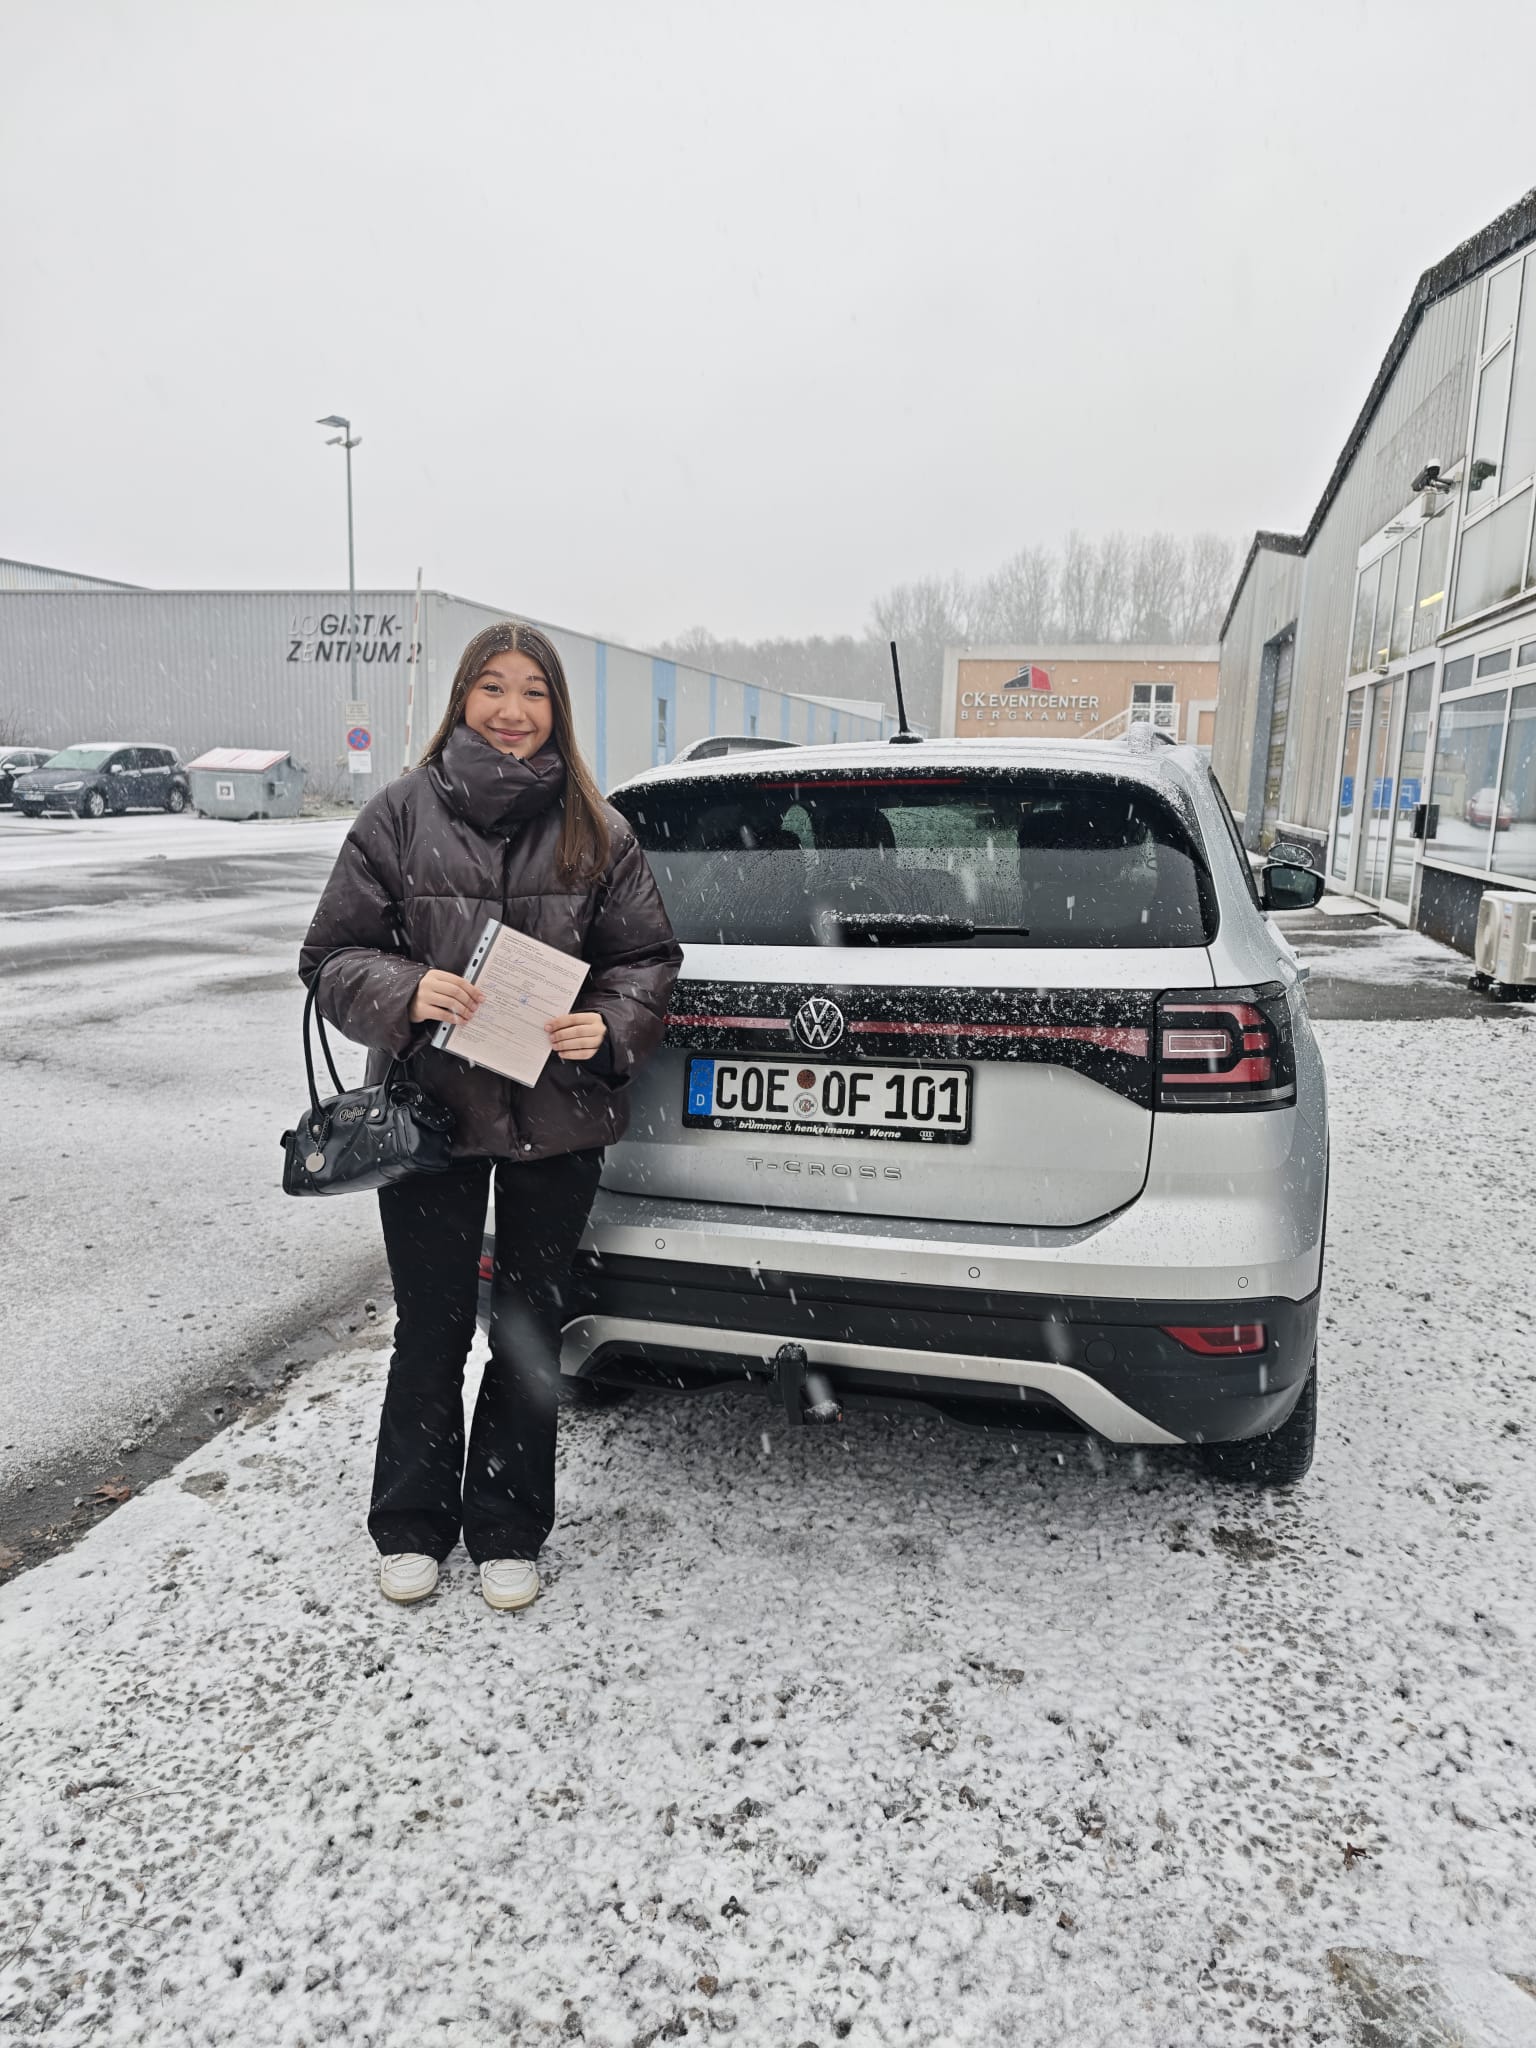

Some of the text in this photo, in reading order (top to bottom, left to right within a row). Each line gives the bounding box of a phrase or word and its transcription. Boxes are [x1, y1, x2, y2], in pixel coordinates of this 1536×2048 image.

[406, 641, 422, 663] 2
[961, 692, 1099, 709] CK EVENTCENTER
[960, 711, 1099, 721] BERGKAMEN
[696, 1067, 962, 1123] D COE OF 101
[738, 1119, 902, 1139] brümmer & henkelmann Werne
[747, 1157, 902, 1181] T-CROSS
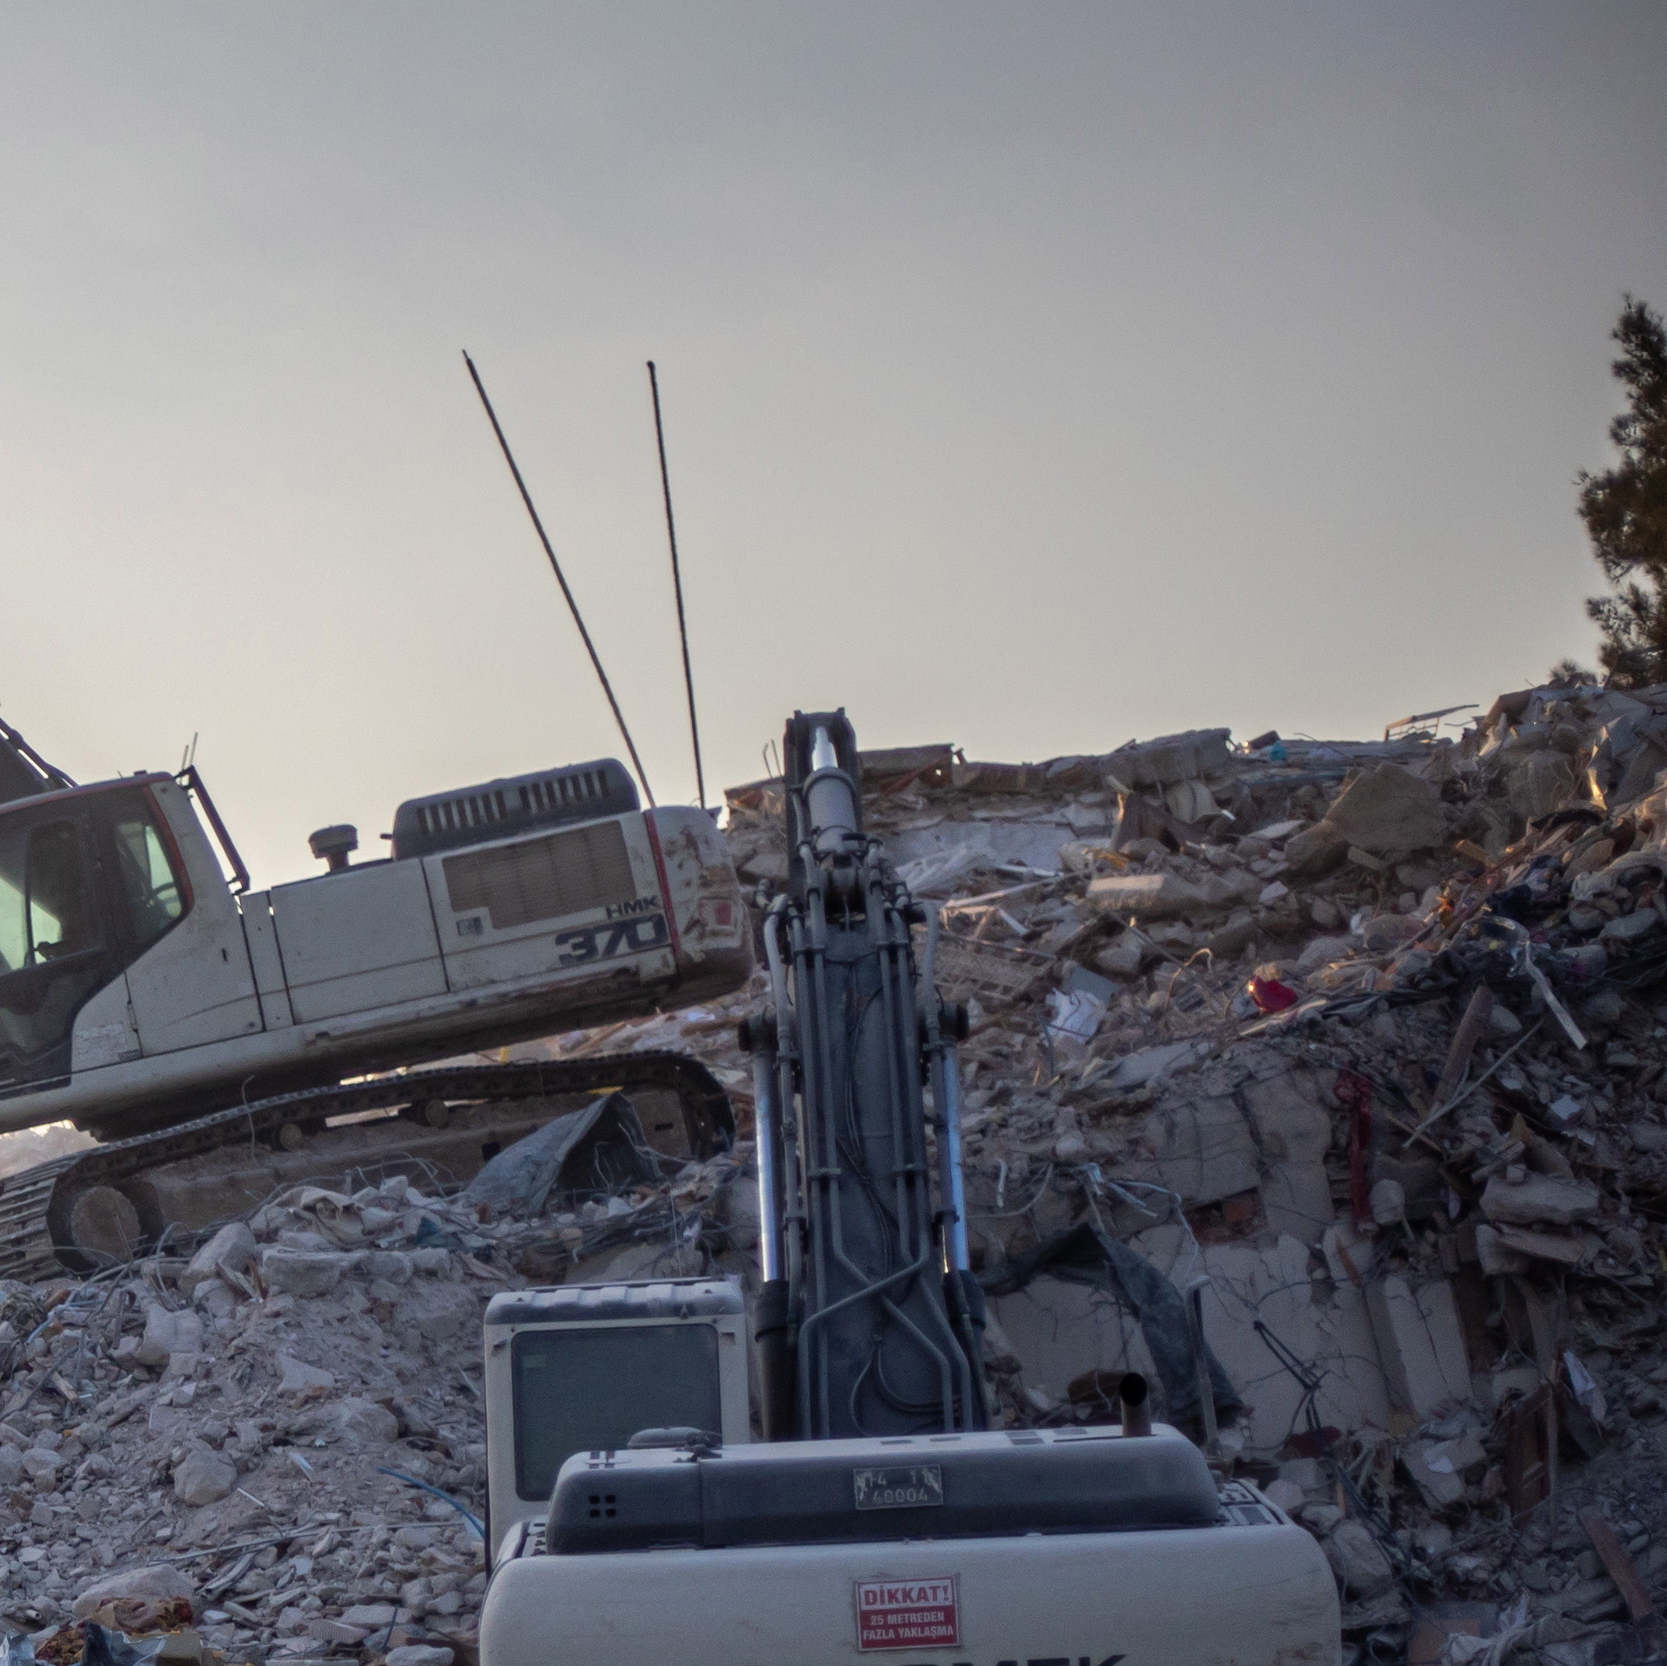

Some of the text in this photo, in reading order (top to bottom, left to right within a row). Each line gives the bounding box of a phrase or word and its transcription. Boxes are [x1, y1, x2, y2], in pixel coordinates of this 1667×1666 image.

[605, 895, 660, 920] HMK
[554, 912, 669, 966] 370
[863, 1584, 950, 1607] DİKKAT!
[870, 1611, 945, 1626] 25 METREDEN
[863, 1624, 954, 1640] FAZLA YAKLAŞMA

__________

- EXERCISE REQUIREMENTS
Once the pictures are set aside, output the whole listing exactly.

- WRITTEN SOLUTION
Some of the text in this photo, in reading order (top to bottom, left to right within a row). Each line gives the bounding box of a phrase or word and its transcription. Boxes are [x1, y1, x2, y2], in pixel coordinates of this 1536×2048 image.

[406, 641, 422, 663] 2
[961, 692, 1099, 709] CK EVENTCENTER
[960, 711, 1099, 721] BERGKAMEN
[696, 1067, 962, 1123] D COE OF 101
[738, 1119, 902, 1139] brümmer & henkelmann Werne
[747, 1157, 902, 1181] T-CROSS

Some of the text in this photo, in reading order (top to bottom, left to right within a row). Each line gives the bounding box of a phrase or word and its transcription. Boxes are [x1, y1, x2, y2], in pixel coordinates of this 1667×1666 image.

[605, 895, 660, 920] HMK
[554, 912, 669, 966] 370
[863, 1584, 950, 1607] DİKKAT!
[870, 1611, 945, 1626] 25 METREDEN
[863, 1624, 954, 1640] FAZLA YAKLAŞMA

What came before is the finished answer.